# YOUR ASSIGNMENT
Transcribe everything in the records exactly. Skip the images.

# DATA UNDER STUDY
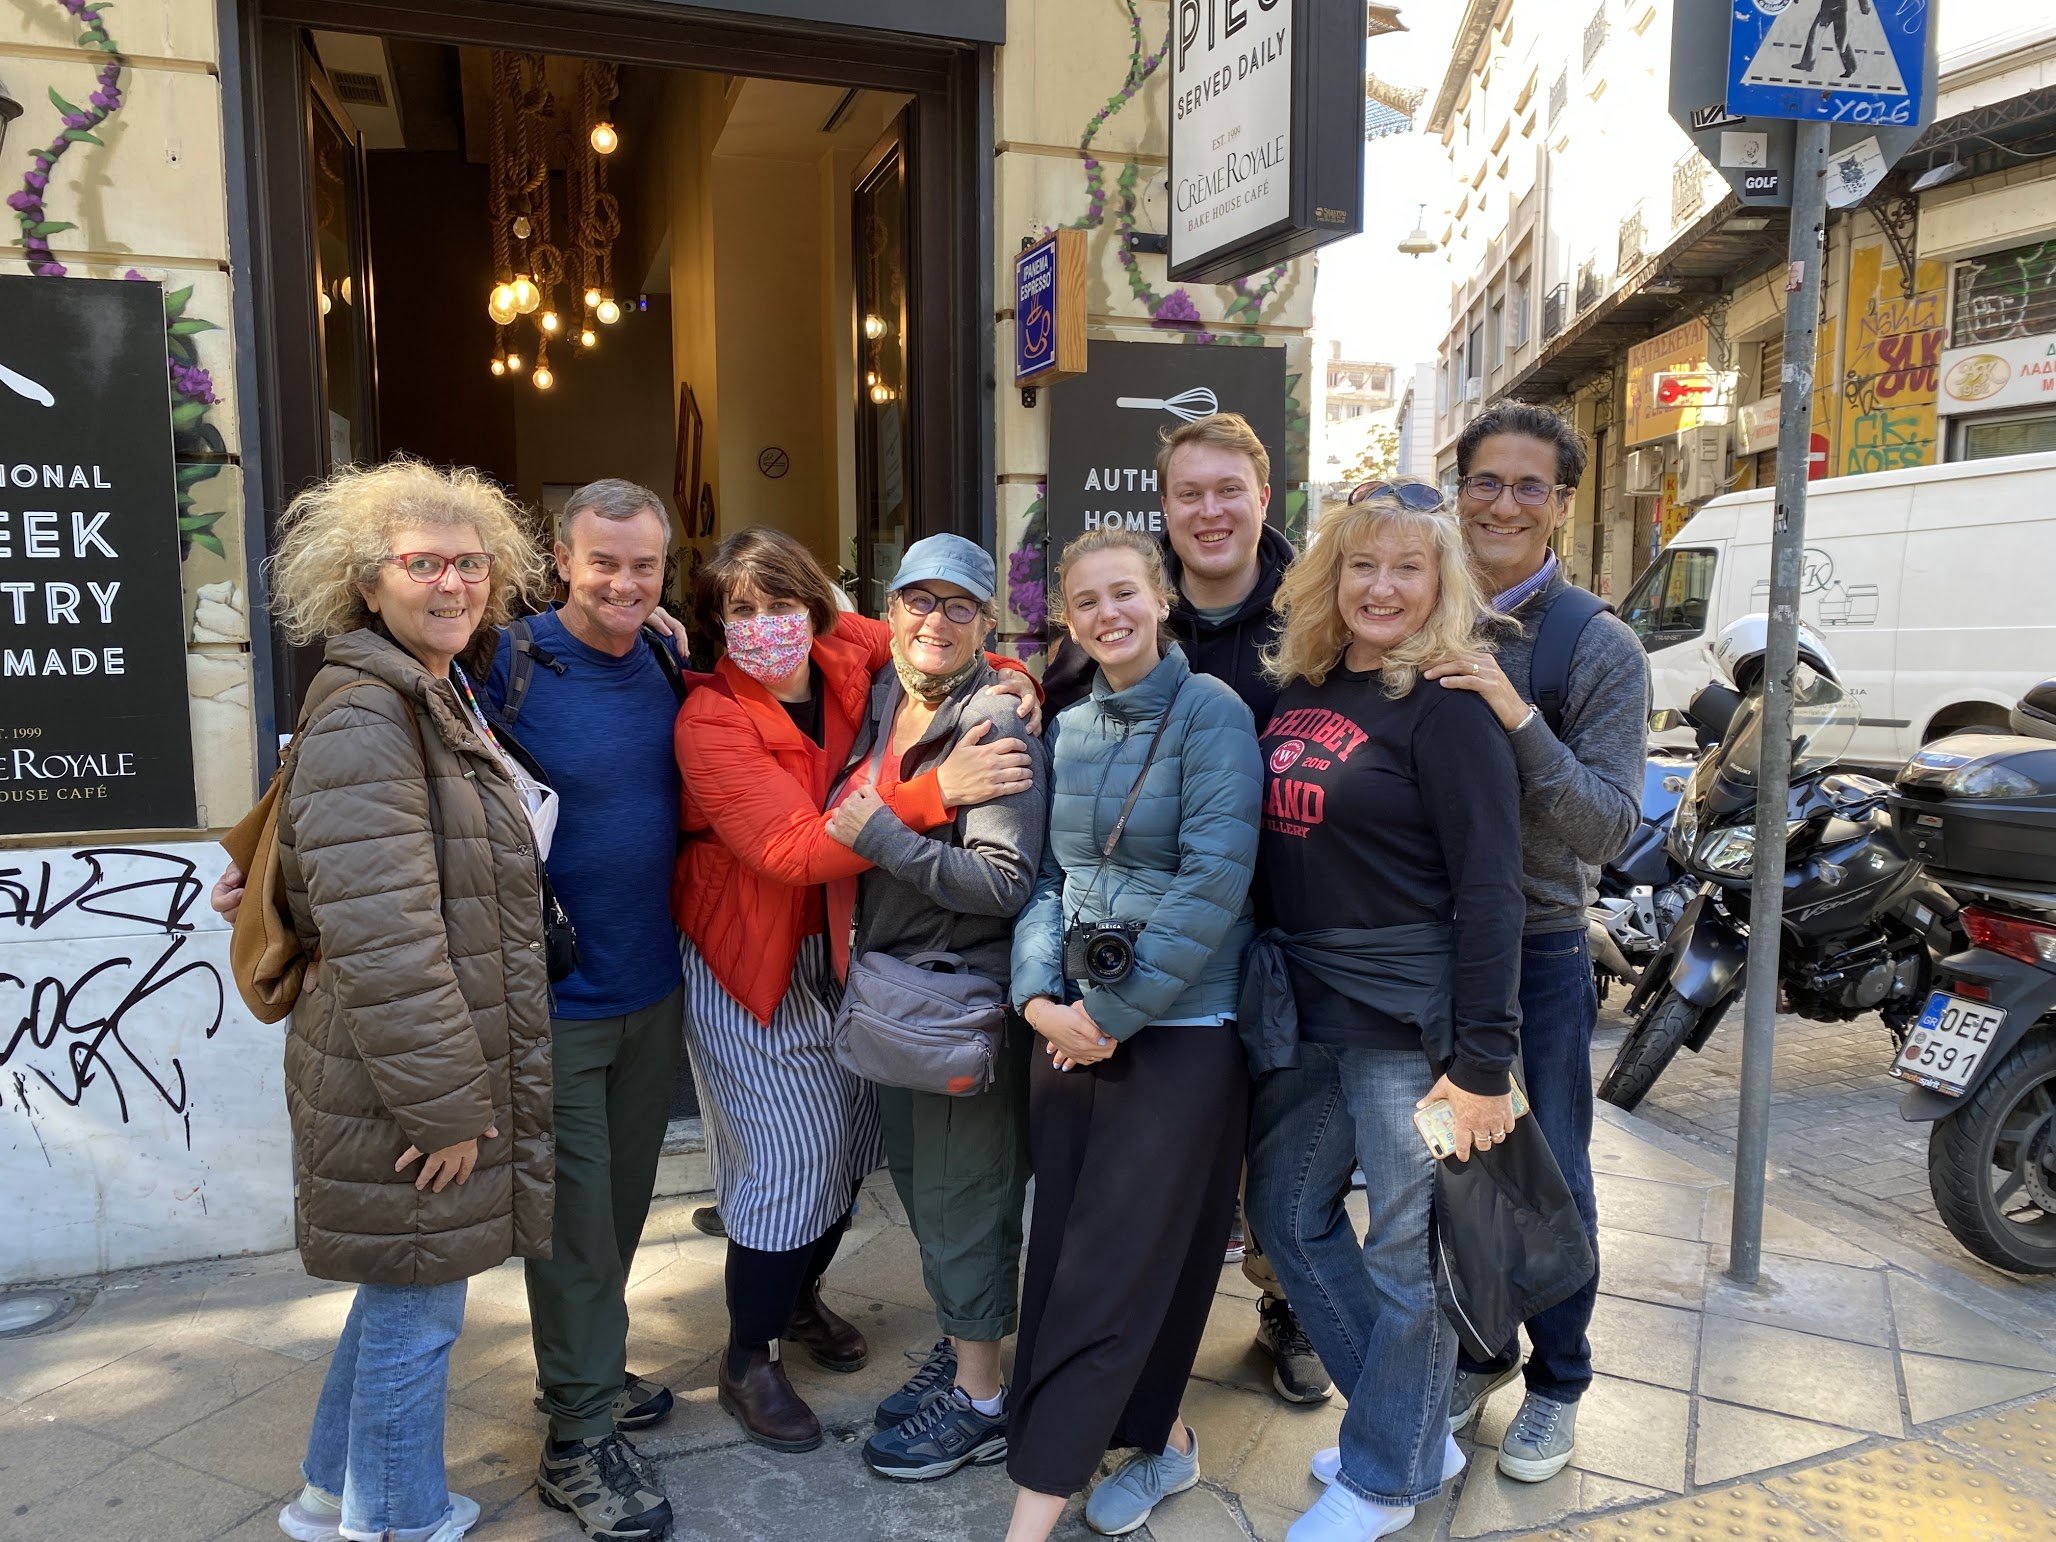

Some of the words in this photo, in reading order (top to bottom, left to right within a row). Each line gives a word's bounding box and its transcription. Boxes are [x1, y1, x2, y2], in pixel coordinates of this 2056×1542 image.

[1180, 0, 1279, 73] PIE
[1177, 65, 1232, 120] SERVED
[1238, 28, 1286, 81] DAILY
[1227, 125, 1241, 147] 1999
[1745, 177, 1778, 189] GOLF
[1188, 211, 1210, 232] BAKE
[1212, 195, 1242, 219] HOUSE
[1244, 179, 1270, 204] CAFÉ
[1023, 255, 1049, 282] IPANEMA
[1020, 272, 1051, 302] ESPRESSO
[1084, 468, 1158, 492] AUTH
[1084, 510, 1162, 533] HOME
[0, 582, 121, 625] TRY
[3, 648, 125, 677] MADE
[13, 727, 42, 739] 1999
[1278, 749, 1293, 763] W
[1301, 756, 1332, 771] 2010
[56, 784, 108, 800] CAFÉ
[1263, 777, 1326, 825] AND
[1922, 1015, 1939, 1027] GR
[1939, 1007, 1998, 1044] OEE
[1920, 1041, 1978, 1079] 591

# WRITTEN RESPONSE
Some of the words in this photo, in reading order (top to bottom, left to right within a row). Each line gives a word's bounding box and its transcription. Boxes are [x1, y1, x2, y2], in pixel coordinates of this 2056×1542 image.

[1180, 0, 1279, 73] PIE
[1177, 65, 1232, 120] SERVED
[1238, 28, 1286, 81] DAILY
[1227, 125, 1241, 147] 1999
[1745, 177, 1778, 189] GOLF
[1188, 211, 1210, 232] BAKE
[1212, 195, 1242, 219] HOUSE
[1244, 179, 1270, 204] CAFÉ
[1023, 255, 1049, 282] IPANEMA
[1020, 272, 1051, 302] ESPRESSO
[1084, 468, 1158, 492] AUTH
[1084, 510, 1162, 533] HOME
[0, 582, 121, 625] TRY
[3, 648, 125, 677] MADE
[13, 727, 42, 739] 1999
[1278, 749, 1293, 763] W
[1301, 756, 1332, 771] 2010
[56, 784, 108, 800] CAFÉ
[1263, 777, 1326, 825] AND
[1922, 1015, 1939, 1027] GR
[1939, 1007, 1998, 1044] OEE
[1920, 1041, 1978, 1079] 591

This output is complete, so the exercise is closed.